*** Block opens ***

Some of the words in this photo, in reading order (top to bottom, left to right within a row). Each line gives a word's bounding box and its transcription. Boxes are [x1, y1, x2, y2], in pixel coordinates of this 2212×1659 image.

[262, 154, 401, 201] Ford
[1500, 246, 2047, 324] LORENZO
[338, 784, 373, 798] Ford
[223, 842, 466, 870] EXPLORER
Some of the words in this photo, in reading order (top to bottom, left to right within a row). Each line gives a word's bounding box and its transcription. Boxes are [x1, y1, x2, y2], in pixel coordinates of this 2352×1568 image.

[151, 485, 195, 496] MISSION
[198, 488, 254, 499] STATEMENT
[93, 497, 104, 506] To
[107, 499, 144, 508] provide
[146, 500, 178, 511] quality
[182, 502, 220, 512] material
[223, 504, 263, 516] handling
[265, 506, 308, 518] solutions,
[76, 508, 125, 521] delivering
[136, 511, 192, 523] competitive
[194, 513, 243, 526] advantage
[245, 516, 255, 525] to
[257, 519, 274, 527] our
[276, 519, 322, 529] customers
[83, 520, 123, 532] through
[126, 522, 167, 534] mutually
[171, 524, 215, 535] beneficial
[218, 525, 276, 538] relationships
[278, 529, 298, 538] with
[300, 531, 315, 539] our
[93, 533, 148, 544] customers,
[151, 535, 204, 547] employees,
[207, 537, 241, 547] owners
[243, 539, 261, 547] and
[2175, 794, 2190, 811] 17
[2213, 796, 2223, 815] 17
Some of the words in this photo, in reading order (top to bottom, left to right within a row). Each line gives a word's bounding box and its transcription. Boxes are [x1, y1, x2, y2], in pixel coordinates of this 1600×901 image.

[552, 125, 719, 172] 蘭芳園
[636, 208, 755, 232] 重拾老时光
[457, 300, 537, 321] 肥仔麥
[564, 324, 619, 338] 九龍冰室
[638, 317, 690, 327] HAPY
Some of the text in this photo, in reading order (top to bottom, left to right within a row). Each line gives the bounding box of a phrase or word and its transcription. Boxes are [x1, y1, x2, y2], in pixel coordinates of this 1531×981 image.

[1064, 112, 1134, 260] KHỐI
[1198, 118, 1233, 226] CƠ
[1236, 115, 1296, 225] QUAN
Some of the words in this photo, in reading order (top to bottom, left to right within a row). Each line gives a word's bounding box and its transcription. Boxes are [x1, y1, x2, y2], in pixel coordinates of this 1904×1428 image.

*** Block closes ***

Problem to work on
Reproduce every record that appears above, keeping the wording exact.

Task solution
Some of the words in this photo, in reading order (top to bottom, left to right within a row). Each line gives a word's bounding box and its transcription. Boxes are [x1, y1, x2, y2], in pixel coordinates of this 2212×1659 image.

[262, 154, 401, 201] Ford
[1500, 246, 2047, 324] LORENZO
[338, 784, 373, 798] Ford
[223, 842, 466, 870] EXPLORER
Some of the words in this photo, in reading order (top to bottom, left to right within a row). Each line gives a word's bounding box and its transcription. Boxes are [x1, y1, x2, y2], in pixel coordinates of this 2352×1568 image.

[151, 485, 195, 496] MISSION
[198, 488, 254, 499] STATEMENT
[93, 497, 104, 506] To
[107, 499, 144, 508] provide
[146, 500, 178, 511] quality
[182, 502, 220, 512] material
[223, 504, 263, 516] handling
[265, 506, 308, 518] solutions,
[76, 508, 125, 521] delivering
[136, 511, 192, 523] competitive
[194, 513, 243, 526] advantage
[245, 516, 255, 525] to
[257, 519, 274, 527] our
[276, 519, 322, 529] customers
[83, 520, 123, 532] through
[126, 522, 167, 534] mutually
[171, 524, 215, 535] beneficial
[218, 525, 276, 538] relationships
[278, 529, 298, 538] with
[300, 531, 315, 539] our
[93, 533, 148, 544] customers,
[151, 535, 204, 547] employees,
[207, 537, 241, 547] owners
[243, 539, 261, 547] and
[2175, 794, 2190, 811] 17
[2213, 796, 2223, 815] 17
Some of the words in this photo, in reading order (top to bottom, left to right within a row). Each line gives a word's bounding box and its transcription. Boxes are [x1, y1, x2, y2], in pixel coordinates of this 1600×901 image.

[552, 125, 719, 172] 蘭芳園
[636, 208, 755, 232] 重拾老时光
[457, 300, 537, 321] 肥仔麥
[564, 324, 619, 338] 九龍冰室
[638, 317, 690, 327] HAPY
Some of the text in this photo, in reading order (top to bottom, left to right within a row). Each line gives the bounding box of a phrase or word and its transcription. Boxes are [x1, y1, x2, y2], in pixel coordinates of this 1531×981 image.

[1064, 112, 1134, 260] KHỐI
[1198, 118, 1233, 226] CƠ
[1236, 115, 1296, 225] QUAN
Some of the words in this photo, in reading order (top to bottom, left to right within a row). Each line gives a word's bounding box and its transcription. Boxes are [x1, y1, x2, y2], in pixel coordinates of this 1904×1428 image.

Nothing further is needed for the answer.